Integration von Flüchtlingsfamilien mit Priorität behandeln

24.09.2015

Die Evangelische Arbeitsgemeinschaft Familie (eaf) fordert eine vorrangige Behandlung von Flüchtlingsfamilien. Für jedes Kind müsse so schnell wie möglich in kindgemäßer Alltag mit Betreuung und Schulunterricht organisiert werden. Jedes dritte Kind ist ein Flüchtling, die meisten dieser Kinder werden in Deutschland aufwachsen. Auch die GEW verlangt einen sofortigen Zugang zu Bildungsangeboten.

Die eaf appelliert an die Politik und alle an der Aufnahme von Flüchtlingen beteiligten Institutionen, Familien bei der Registrierung in den Zentralen Aufnahmestellen (Zast) zu bevorzugen. Für Familien solle der Aufenthalt in der Zast möglichst kurz sein, Familien mit Bleibeperspektive sollten schnellstmöglich in Wohnungen untergebracht werden.

Die Kinder- und Jugendhilfe sollte systematisch und frühzeitig beteiligt werden und die nötigen Unterstützungs- und Hilfeleistungen gewährleisten. Ausländerrechtliche Hürden für ausbildungsfähige Jugendliche und junge Erwachsene sollten gelockert oder abgeschafft und Flüchtlingsfamilien grundsätzlich nicht abgeschoben werden.

GEW: Bildung muss in den Erstaufnahmeeinrichtungen beginnen

Auch die GEW setzt sich massiv dafür ein, dass Flüchtlinge ab dem Zeitpunkt ihrer Ankunft in Deutschland Zugang zu Bildungsangeboten bekommen. Bildung müsse in den Erstaufnahmeeinrichtungen begonnen und ein schneller Zugang zu Kitas, Schulen, beruflicher Bildung, Weiterbildung und Hochschulen gesichert werden. "Dafür benötigen die Bildungseinrichtungen und ihre Beschäftigten zusätzliche personelle und materielle Unterstützung. Der Haushalt 2016 kommt dieser Anforderung nicht nach", erklärte die GEW-Vorsitzende Marlis Tepe jüngst nach einem Treffen mit den Fraktionsvorsitzenden der LINKEN im EU-Parlament, des Bundes und der Länder in Wiesbaden.
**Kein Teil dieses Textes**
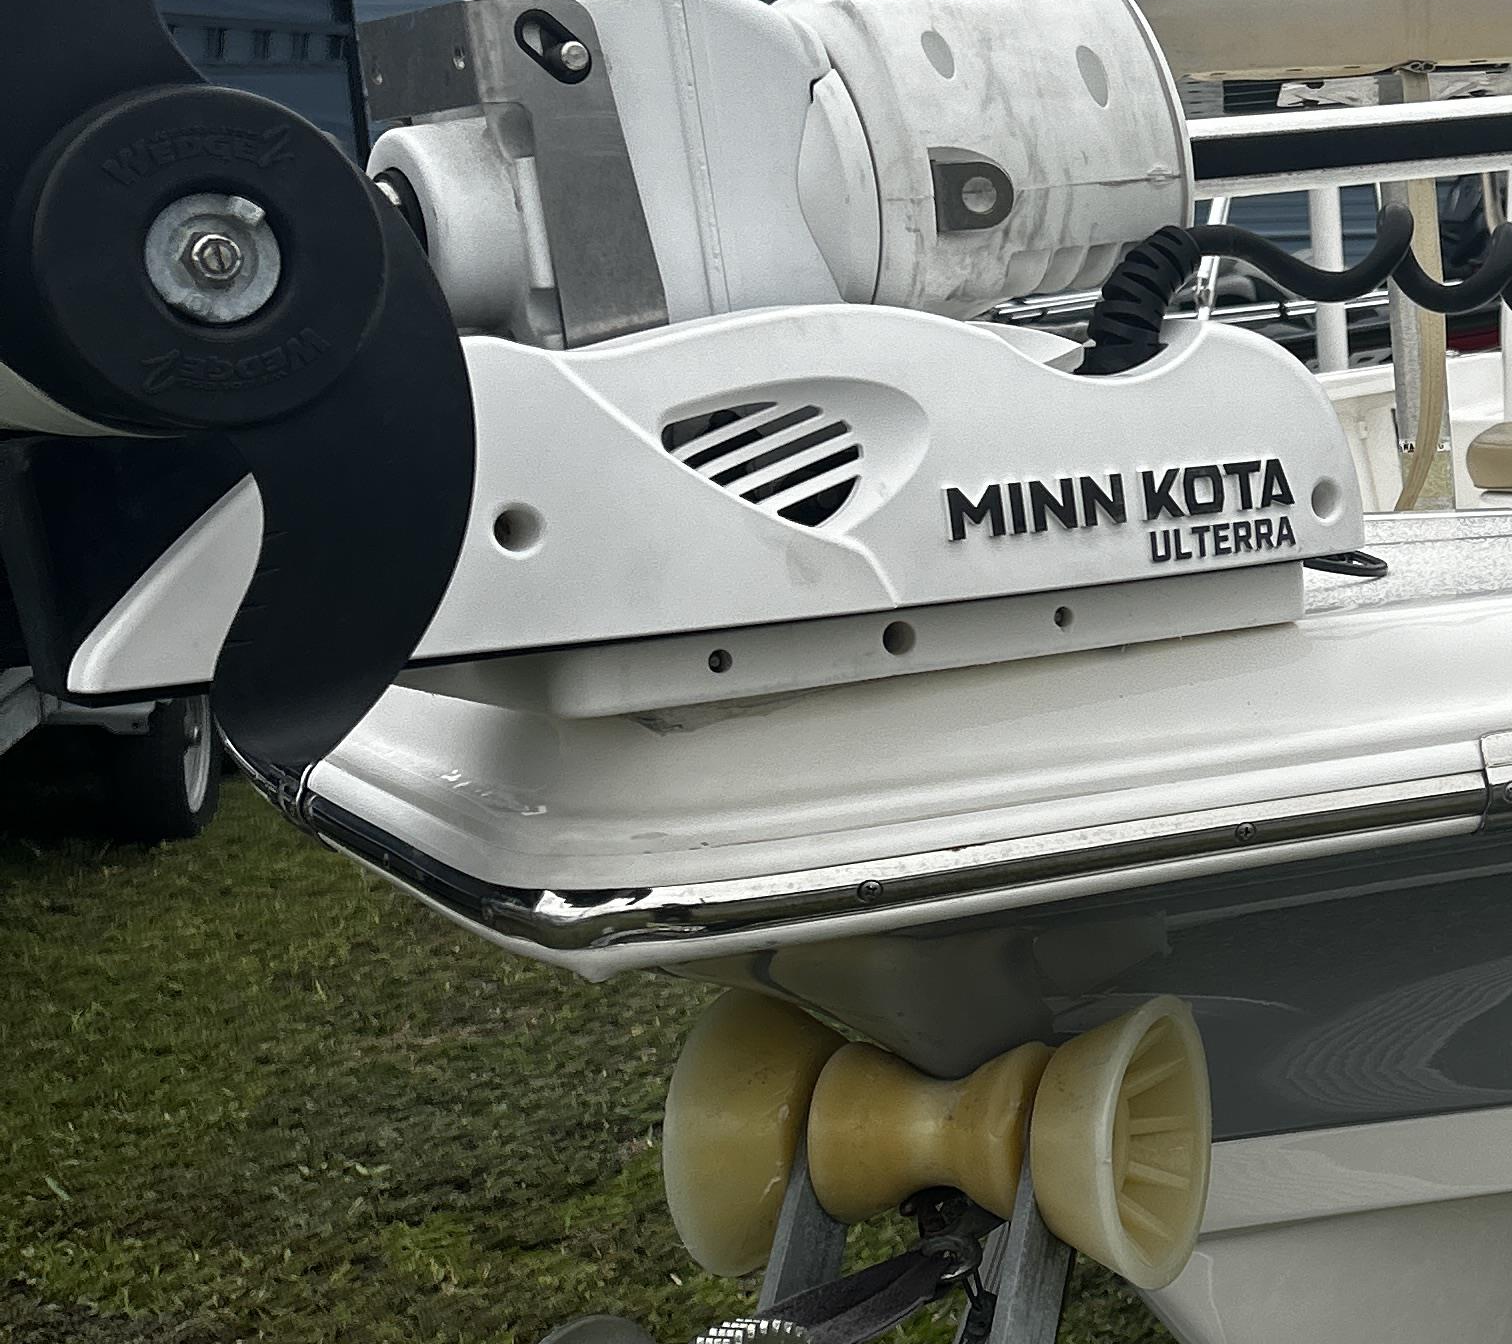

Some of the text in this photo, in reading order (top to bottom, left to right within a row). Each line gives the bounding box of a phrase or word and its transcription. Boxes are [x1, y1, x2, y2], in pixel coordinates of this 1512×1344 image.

[943, 457, 1296, 542] MINN KOTA
[1149, 516, 1297, 563] ULTERRA
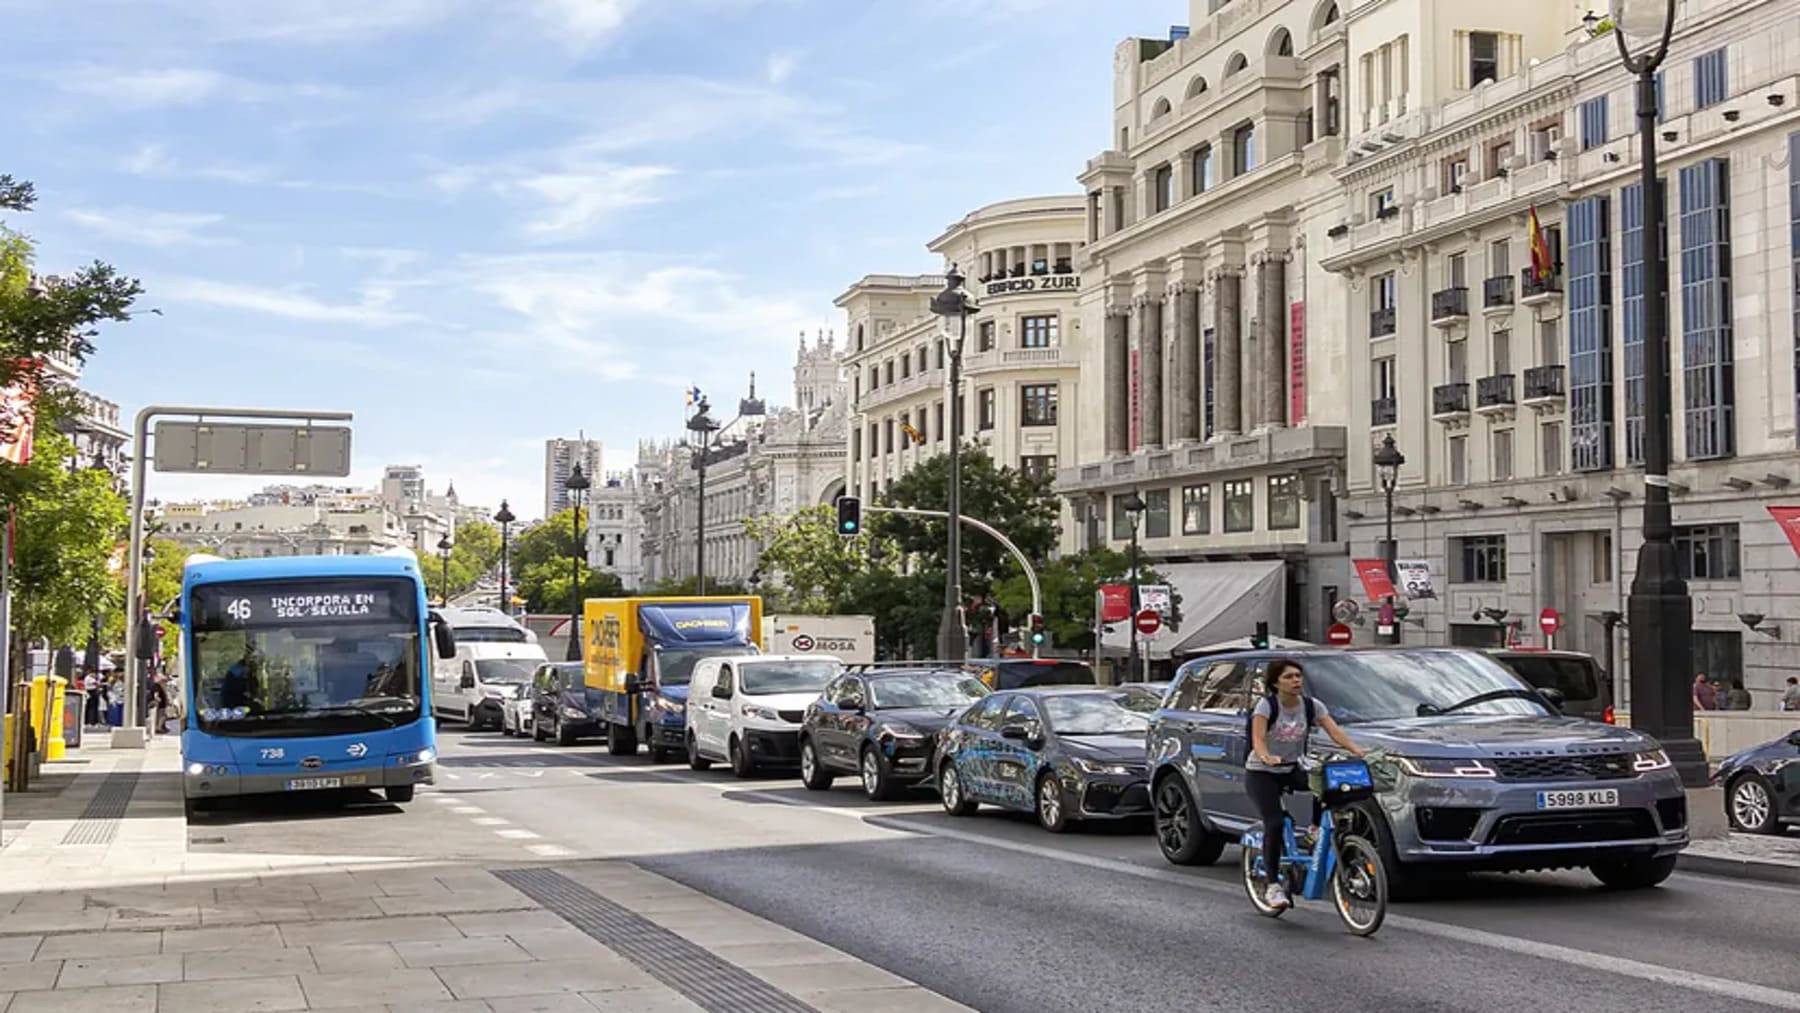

Tepe plädierte zudem für ein Förderprogramm des Bundes für die Aus-, Fort- und Weiterbildung von Lehrkräften für Deutsch als Zweitsprache (DaZ). Auch die durchgängige Sprachförderung müsse in allen Fächern Bestandteil der Lehramtsstudiengänge werden. Im Haushalt von Bundesbildungsministerin Johanna Wanka (CDU) seien keine zusätzlichen Mittel für die Integration von Flüchtlingen vorgesehen, kritisierte die GEW-Vorsitzende. "Wir schlagen vor, den Hochschulpakt schnell aufzustocken. Die Hochschulen sollen mit diesen Geldern spezifische Angebote für Studierende mit Fluchterfahrungen machen."